Taking the idea further, Tomas Estes makes his Tequila Ocho (in collaboration with Carlos Camarena) from single ranches not unlike single vineyard wine. The example we tasted was from the Las Pomas Ranch in The Lowlands and bore a reposado age statement. The nose was sweet and earthy displaying notes of straw, clay, cinnamon with agave character poking through the subtle barrel notes. David Suro described it as being a  “beautiful balance between barrel and agave.” On the tongue, Ocho starts off sweet, moves into a mid palette flourish of caramel, and finishes earthy and coffee like.  The Lowland plants sourced for this tequila are intentionally very ripe  which not only creates more sugars, but also adds extra acidity that helps balance the sweetness and forms the structural backbone, supporting the other components. Estes is quick to point out that he prefers tequila in its purest form or unaged, i.e.: blanco, plata, silver, “Anybody that really gets into agave spirits goes towards a silver,” but that for this reposado he was careful not to interfere with the Agave character too much.
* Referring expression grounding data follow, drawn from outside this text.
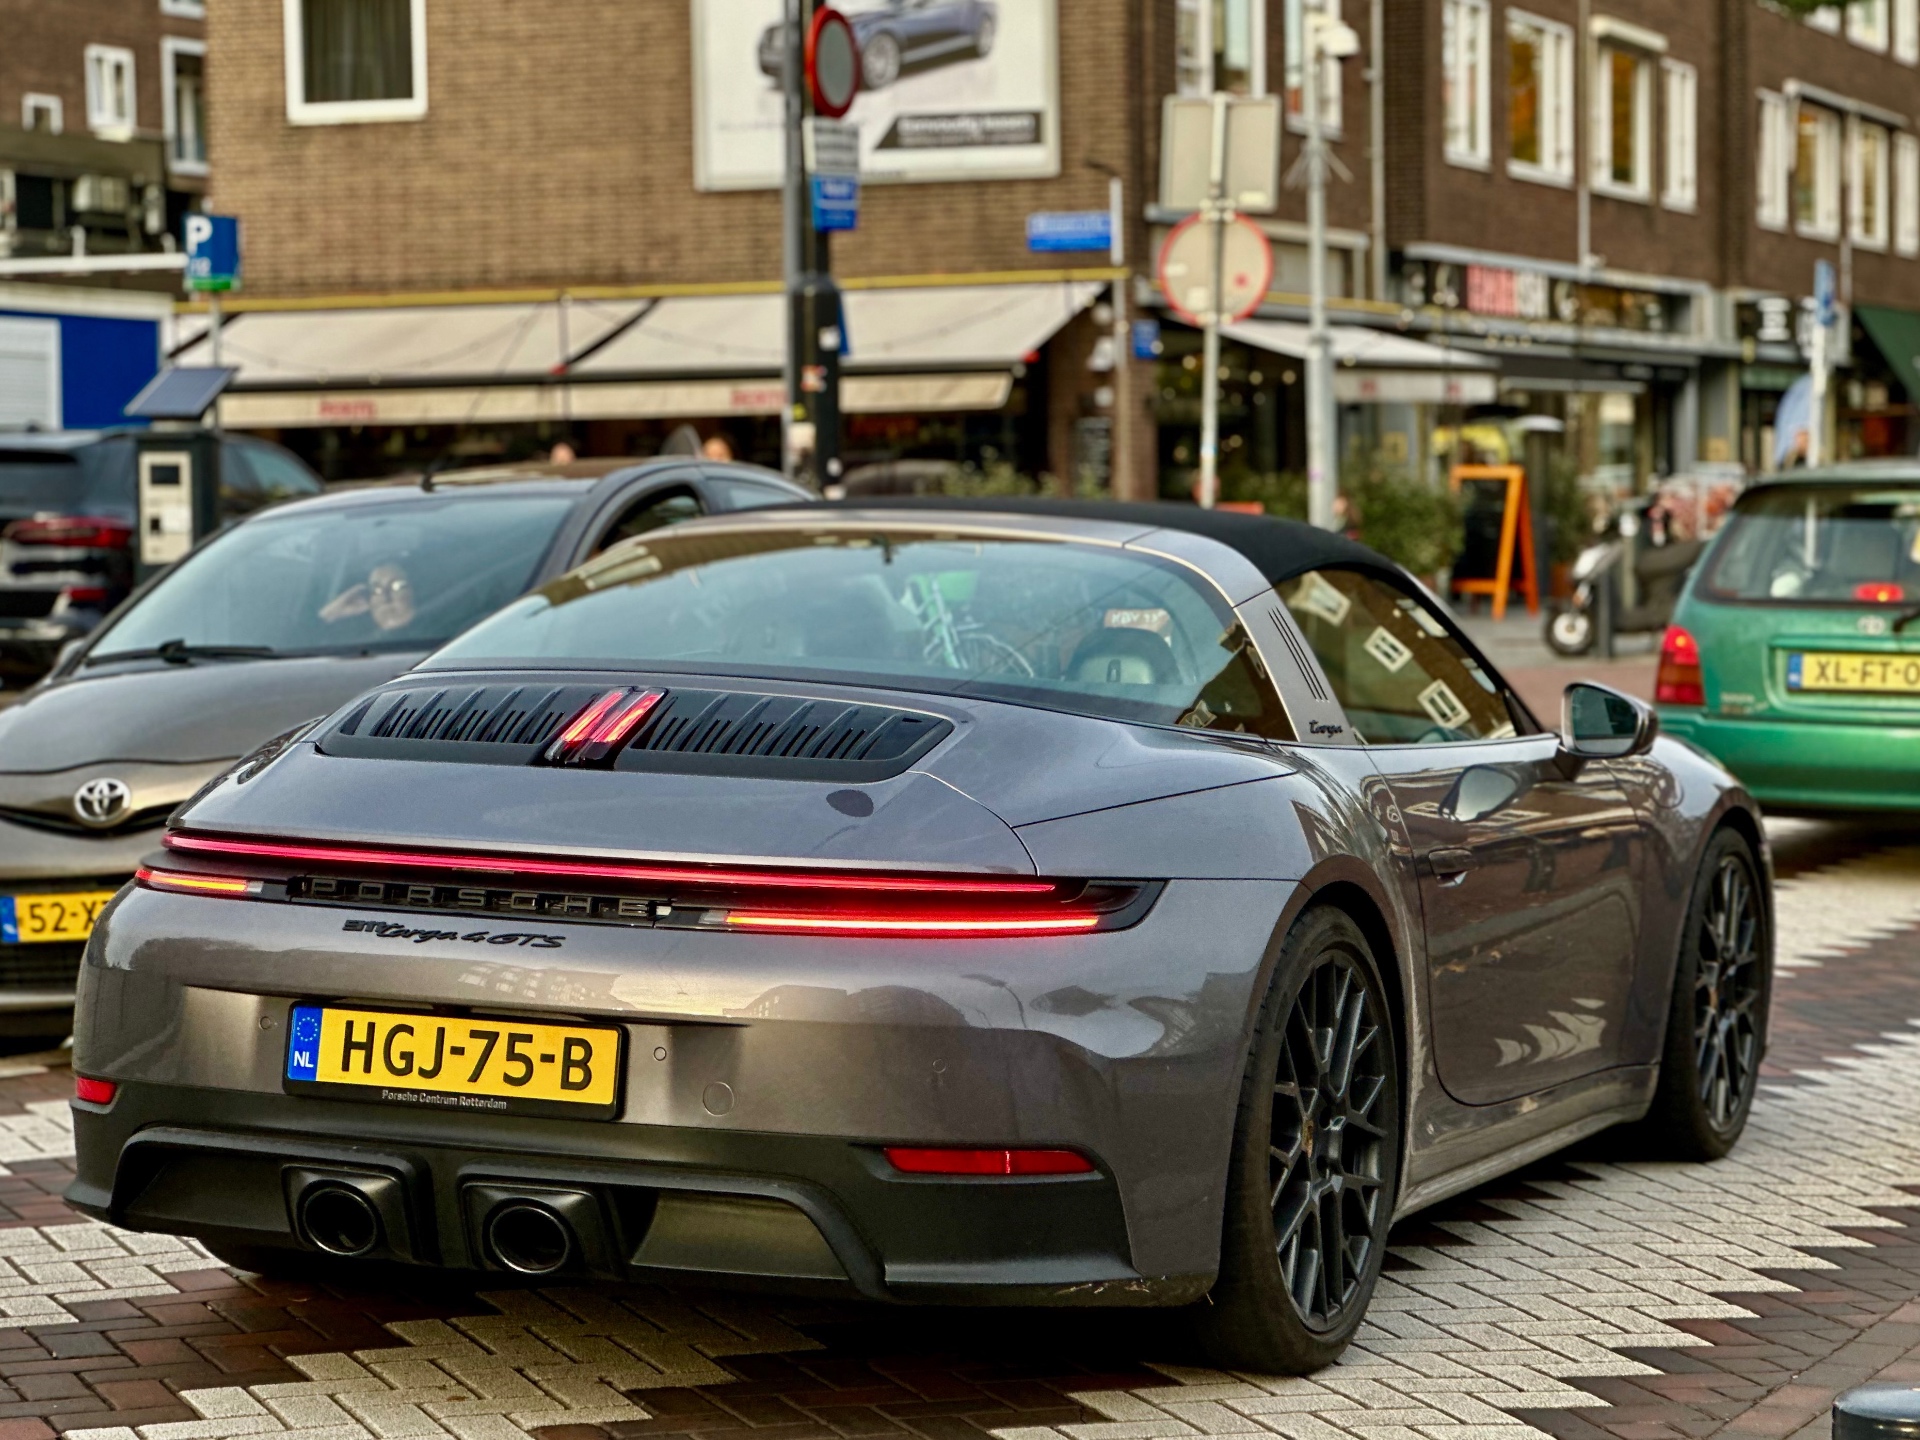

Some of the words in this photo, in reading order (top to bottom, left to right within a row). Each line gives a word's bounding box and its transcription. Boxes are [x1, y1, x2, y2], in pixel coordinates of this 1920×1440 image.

[186, 215, 213, 256] P
[311, 878, 649, 917] PORSCHE
[29, 901, 109, 933] 52-X
[487, 932, 566, 948] GTS
[293, 1051, 314, 1069] NL
[341, 1018, 593, 1092] HGJ-75-B
[381, 1089, 418, 1103] Porsche
[419, 1092, 458, 1106] Centrum
[459, 1095, 507, 1110] Rotterdam
To do this, he uses barrels that have been fatigued or really used (Ocho uses barrels that have been filled and refilled up to seven times), resulting in less char, less tannin and overall less interference. In addition to using these less intrusive, fatigued barrels, in Ocho, Estes and Camarena age the tequilas for the minimum legal requirement, meaning that the blanco is unaged, the reposado is just over two months old, anejo 12 months and their extra anejo is only matured for 36 months. According to Estes, “The longer any spirit is in a barrel the more they start approximating one another” indicating that after so many years, it becomes harder to tell tequila from rum from whiskey from brandy and so on.  Although Tomas does suggest using a reposado or anejo as a way to introduce the spirit to people who generally “don’t drink tequila” or had a bad experience in college.  The additional oak and taming of agave character can make it more accessible to those who primarily drink whisk(e)ys or brandies, which is why tequila producers began aging the spirit in the first place some 5o years ago: to compete with the other major spirits categories.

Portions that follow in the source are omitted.